── Data provided ──
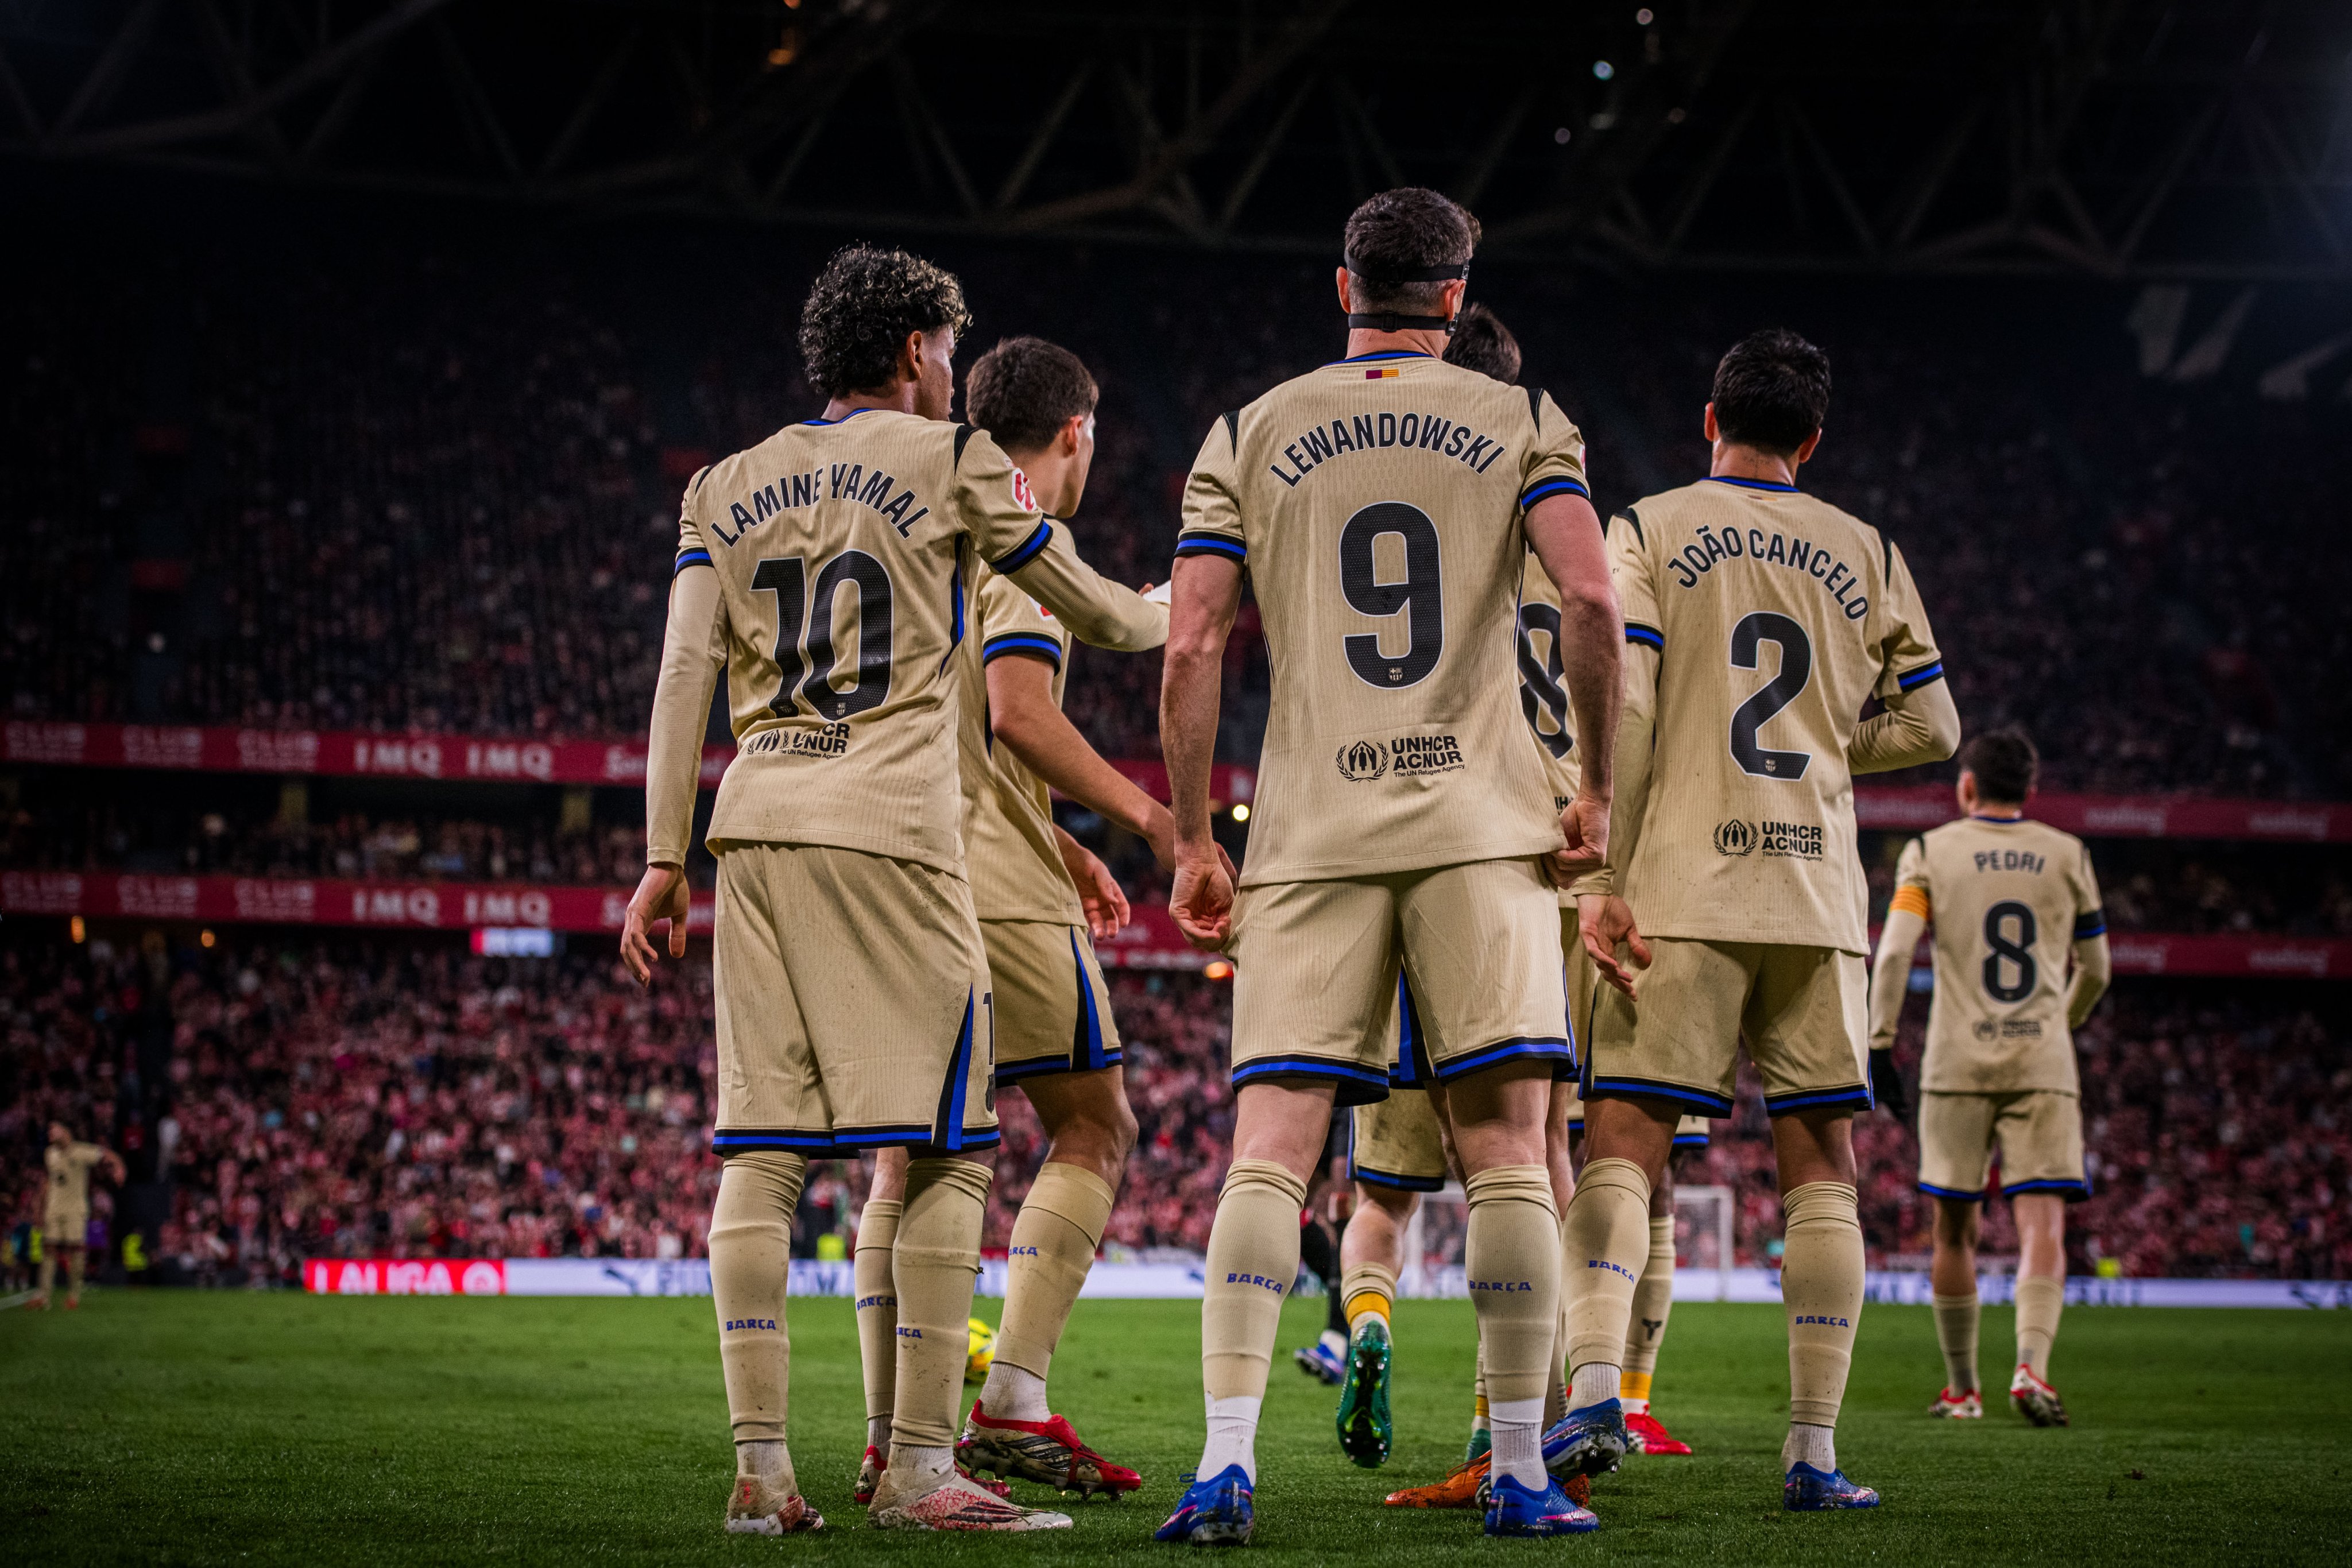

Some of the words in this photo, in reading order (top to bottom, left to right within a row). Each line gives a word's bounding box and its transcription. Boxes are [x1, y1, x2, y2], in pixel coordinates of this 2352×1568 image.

[1270, 412, 1505, 488] LEWANDOWSKI
[710, 467, 823, 549] LAMINE
[830, 462, 930, 540] YAMAL
[1667, 524, 1743, 590] JOÃO
[1748, 528, 1869, 622] CANCELO
[1338, 501, 1445, 690] 9
[748, 548, 894, 722] 10
[1730, 611, 1813, 782] 2
[798, 750, 822, 758] Refugee
[1391, 735, 1459, 754] UNHCR
[1393, 750, 1464, 771] ACNUR
[1442, 764, 1465, 772] Agency
[1762, 821, 1823, 841] UNHCR
[1761, 836, 1823, 855] ACNUR
[1974, 850, 2045, 874] PEDRI
[1982, 900, 2037, 1004] 8
[1589, 1260, 1634, 1284] BARÇA
[1227, 1273, 1283, 1294] BARÇA
[1469, 1280, 1532, 1292] BARÇA
[726, 1319, 776, 1331] BARÇA
[1796, 1315, 1848, 1327] BARÇA
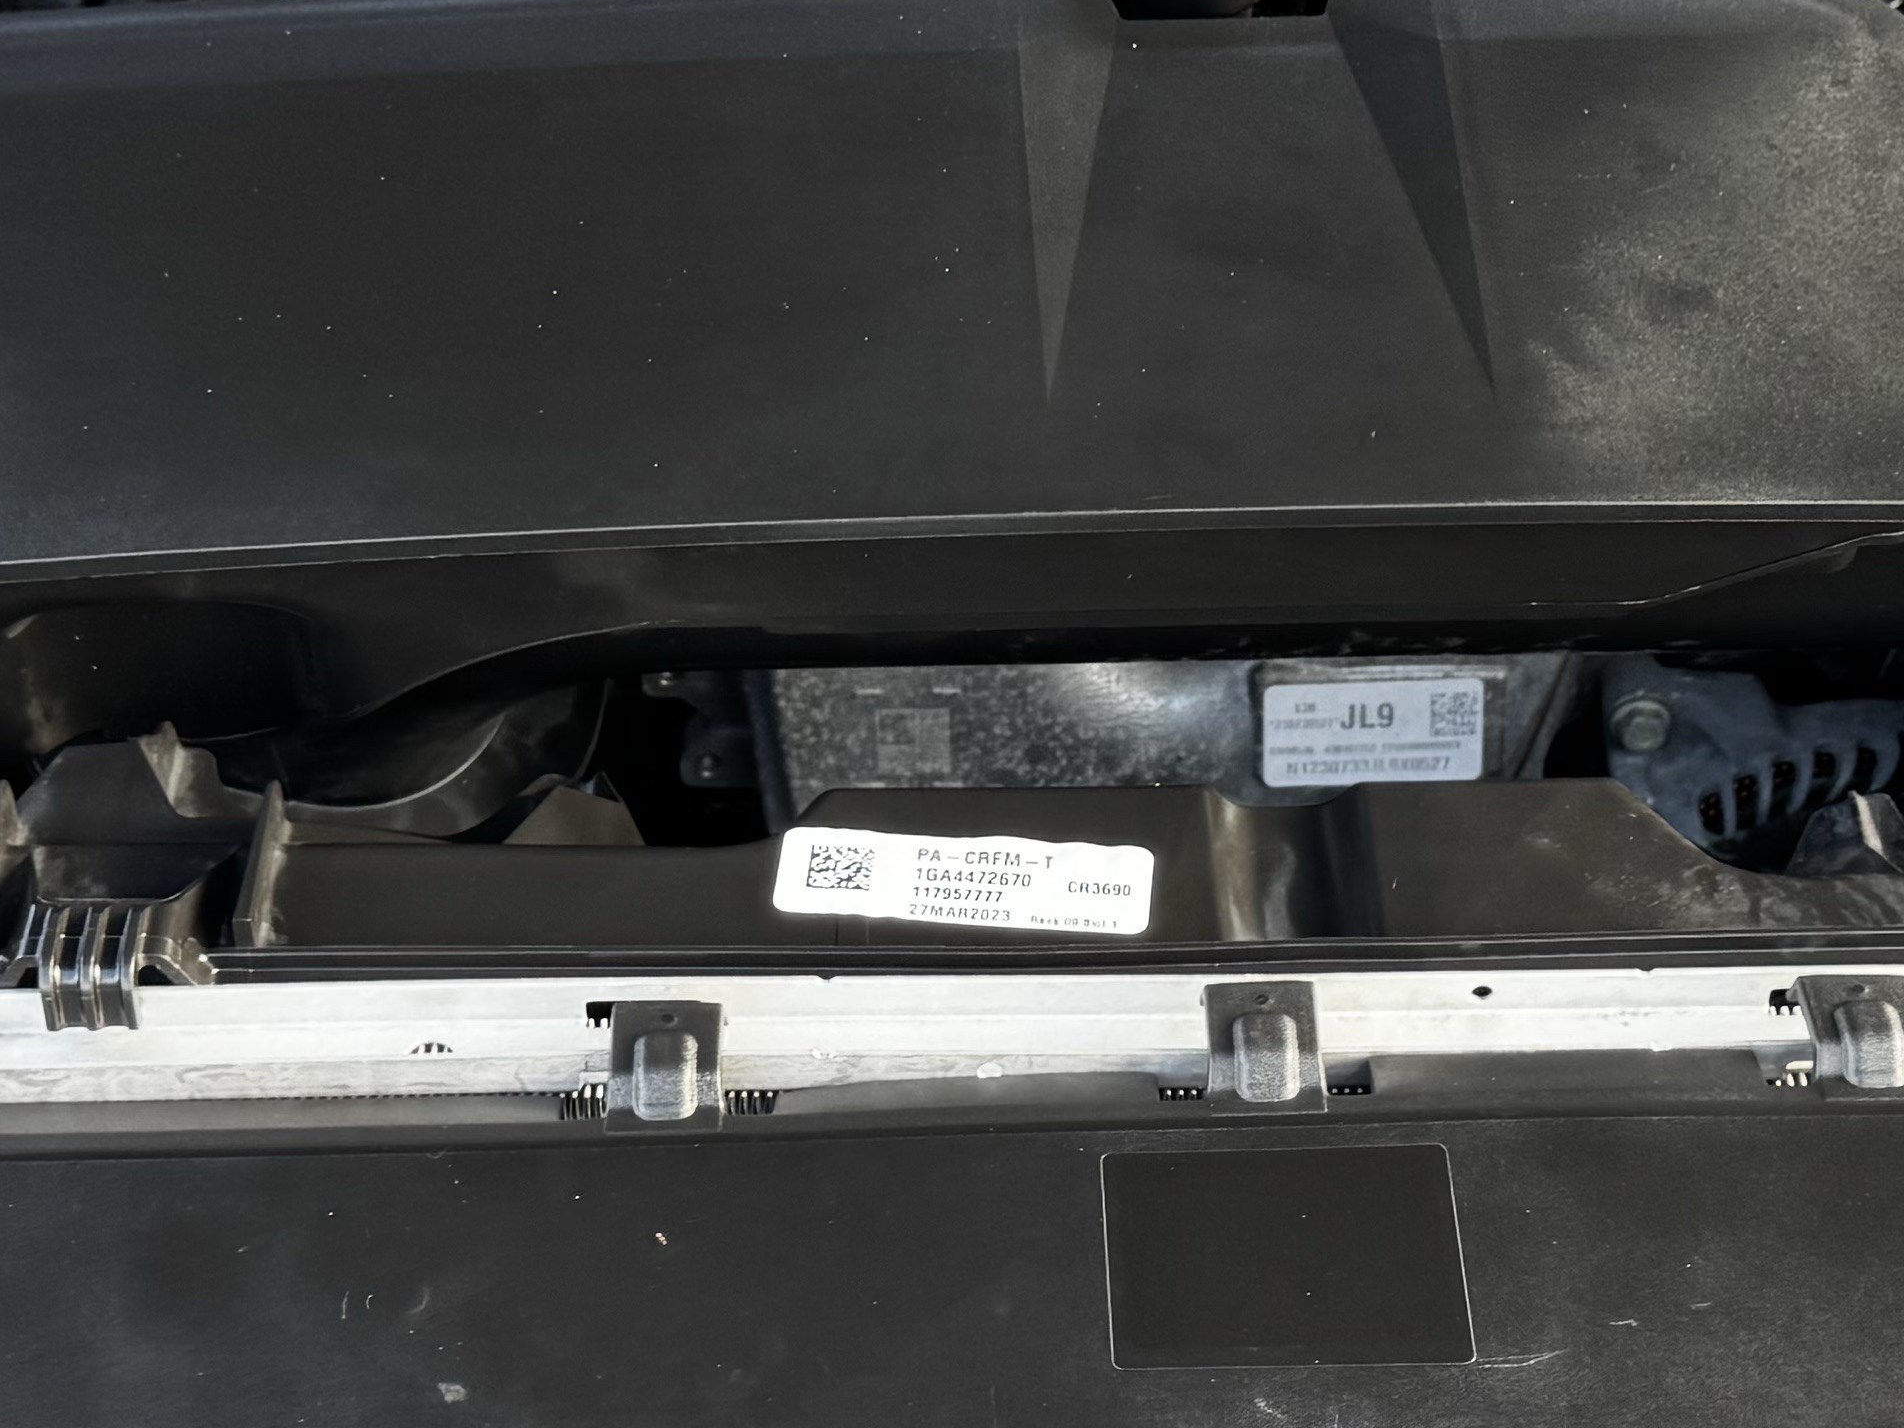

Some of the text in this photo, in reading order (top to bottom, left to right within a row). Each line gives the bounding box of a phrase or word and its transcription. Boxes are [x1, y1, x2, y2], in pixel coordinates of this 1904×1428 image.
───
- Your goal -
Please retype the whole of the data precisely, omitting pictures.

- Task output -
Some of the words in this photo, in reading order (top to bottom, left to right within a row). Each line gives a word's bounding box and its transcription. Boxes are [x1, y1, x2, y2], in pixel coordinates of this 2352×1568 image.

[1270, 412, 1505, 488] LEWANDOWSKI
[710, 467, 823, 549] LAMINE
[830, 462, 930, 540] YAMAL
[1667, 524, 1743, 590] JOÃO
[1748, 528, 1869, 622] CANCELO
[1338, 501, 1445, 690] 9
[748, 548, 894, 722] 10
[1730, 611, 1813, 782] 2
[798, 750, 822, 758] Refugee
[1391, 735, 1459, 754] UNHCR
[1393, 750, 1464, 771] ACNUR
[1442, 764, 1465, 772] Agency
[1762, 821, 1823, 841] UNHCR
[1761, 836, 1823, 855] ACNUR
[1974, 850, 2045, 874] PEDRI
[1982, 900, 2037, 1004] 8
[1589, 1260, 1634, 1284] BARÇA
[1227, 1273, 1283, 1294] BARÇA
[1469, 1280, 1532, 1292] BARÇA
[726, 1319, 776, 1331] BARÇA
[1796, 1315, 1848, 1327] BARÇA

Some of the text in this photo, in reading order (top to bottom, left to right within a row). Each line gives the bounding box of a phrase or word and its transcription. Boxes are [x1, y1, x2, y2], in pixel coordinates of this 1904×1428 image.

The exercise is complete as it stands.